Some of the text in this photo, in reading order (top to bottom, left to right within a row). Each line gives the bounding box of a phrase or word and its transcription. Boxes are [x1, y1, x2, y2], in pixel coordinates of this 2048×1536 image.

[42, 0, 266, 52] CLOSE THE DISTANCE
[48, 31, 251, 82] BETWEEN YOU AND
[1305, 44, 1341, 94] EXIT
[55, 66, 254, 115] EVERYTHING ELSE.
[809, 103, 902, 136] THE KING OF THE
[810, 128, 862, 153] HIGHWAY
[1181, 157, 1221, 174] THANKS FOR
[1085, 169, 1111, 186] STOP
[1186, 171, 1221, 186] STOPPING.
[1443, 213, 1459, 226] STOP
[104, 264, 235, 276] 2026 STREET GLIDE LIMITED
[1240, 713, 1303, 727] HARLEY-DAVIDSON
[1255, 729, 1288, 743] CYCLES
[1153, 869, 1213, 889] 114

## PROBLEM TO SOLVE
Only an exact transcription of all the records above counts as an answer.

## SOLUTION TO THIS TASK
Some of the text in this photo, in reading order (top to bottom, left to right within a row). Each line gives the bounding box of a phrase or word and its transcription. Boxes are [x1, y1, x2, y2], in pixel coordinates of this 2048×1536 image.

[42, 0, 266, 52] CLOSE THE DISTANCE
[48, 31, 251, 82] BETWEEN YOU AND
[1305, 44, 1341, 94] EXIT
[55, 66, 254, 115] EVERYTHING ELSE.
[809, 103, 902, 136] THE KING OF THE
[810, 128, 862, 153] HIGHWAY
[1181, 157, 1221, 174] THANKS FOR
[1085, 169, 1111, 186] STOP
[1186, 171, 1221, 186] STOPPING.
[1443, 213, 1459, 226] STOP
[104, 264, 235, 276] 2026 STREET GLIDE LIMITED
[1240, 713, 1303, 727] HARLEY-DAVIDSON
[1255, 729, 1288, 743] CYCLES
[1153, 869, 1213, 889] 114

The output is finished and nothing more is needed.